Susan klammerte sich ängstlich an mich.
„Wir werden versuchen, einen Leihwagen zu bekommen“, sagte ich, ohne auf die Worte des Fahrers einzugehen.
„Haben Sie nicht gehört, was er gesagt hat, Dick?“ Ihre Stimme klang schrill.
„Ja“, sagte ich. „Aber davon lasse ich mich nicht aufhalten.“
Eine Stunde später war es uns noch immer nicht gelungen, einen Wagen aufzutreiben. Und der letzte Autobus nach New York City war vor einer halben Stunde abgefahren.
Es blieb uns keine andere Wahl, wir mußten in Saranac Lake übernachten.
In einem Motel am Rande der Stadt nahmen wir uns ein Zimmer.
Es war groß und geschmackvoll eingerichtet. Susan setzte sich aufs Bett.
„Was nun?“ fragte sie.
„Vorerst gehen wir einmal essen“, sagte ich. „Und dann werden wir bald schlafen gehen.“
„Sie wissen, daß wir uns in Saranac Lake aufhalten. Und sie werden uns holen“, sagte das Mädchen.
„Ich habe noch immer meinen Silberdolch“, sagte ich.
„Der wird Ihnen auch nicht viel helfen“, sagte Susan. „Die Werwölfe verfügen über Mittel und Wege, die einfach unvorstellbar sind.“
Ich zuckte die Schultern. „Ich werde zur Polizei gehen“, sagte ich.
„Das ist doch Unsinn. Darüber sprachen wir schon einmal. Kein Mensch wird Ihnen glauben. Man wird Sie höchstens festnehmen, weil man meint, Sie seien verrückt geworden.“
Ich ging gereizt im Zimmer auf und ab. Was sollte ich wirklich unternehmen? Es mußte doch eine Möglichkeit geben, irgendwo unterzutauchen. Aber wo?

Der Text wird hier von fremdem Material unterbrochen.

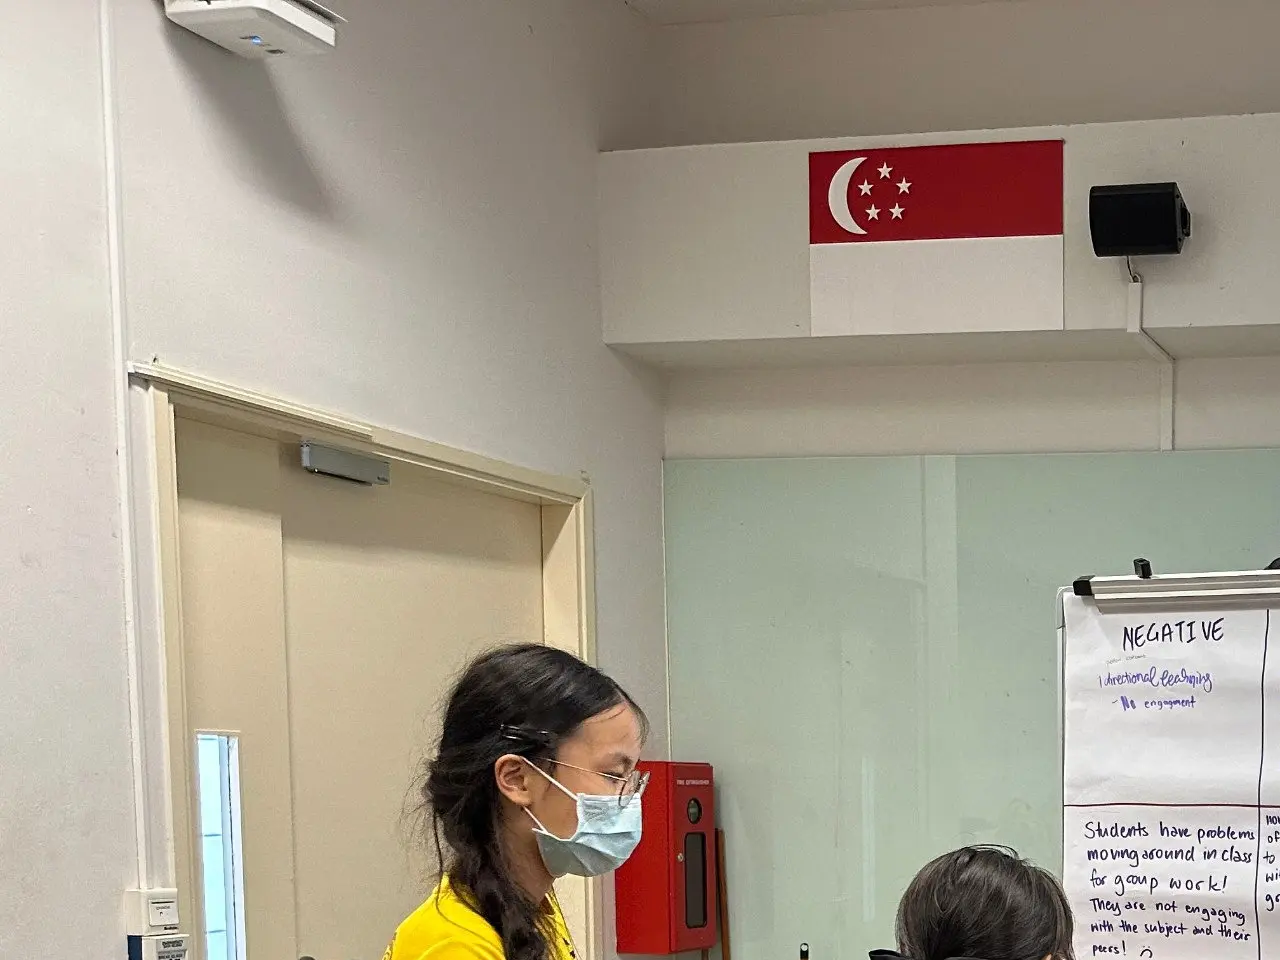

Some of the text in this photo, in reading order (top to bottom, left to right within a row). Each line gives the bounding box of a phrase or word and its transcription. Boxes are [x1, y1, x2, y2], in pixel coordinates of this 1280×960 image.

[1123, 617, 1225, 651] NEGATIVE
[1084, 821, 1255, 844] Students have problems
[1267, 831, 1280, 843] of
[1087, 845, 1252, 867] moving around in class
[1263, 852, 1276, 864] to
[1090, 868, 1228, 896] for group work!
[1089, 898, 1245, 926] They are not engaging
[1090, 920, 1251, 941] with the subject and their
[1093, 941, 1126, 956] peers!

„Gehen wir in den Speisesaal“, sagte ich schließlich so ruhig wie möglich.
„Ich habe keinen Hunger“, meinte Susan.
„Keine Widerrede. Wir haben seit dem Frühstück nichts gegessen. Stehen Sie auf.“
Widerwillig folgte sie mir. Wir setzten uns an einen Tisch in der Ecke des großen Raumes.
Ein hübsches Mädchen brachte uns die Speisekarten.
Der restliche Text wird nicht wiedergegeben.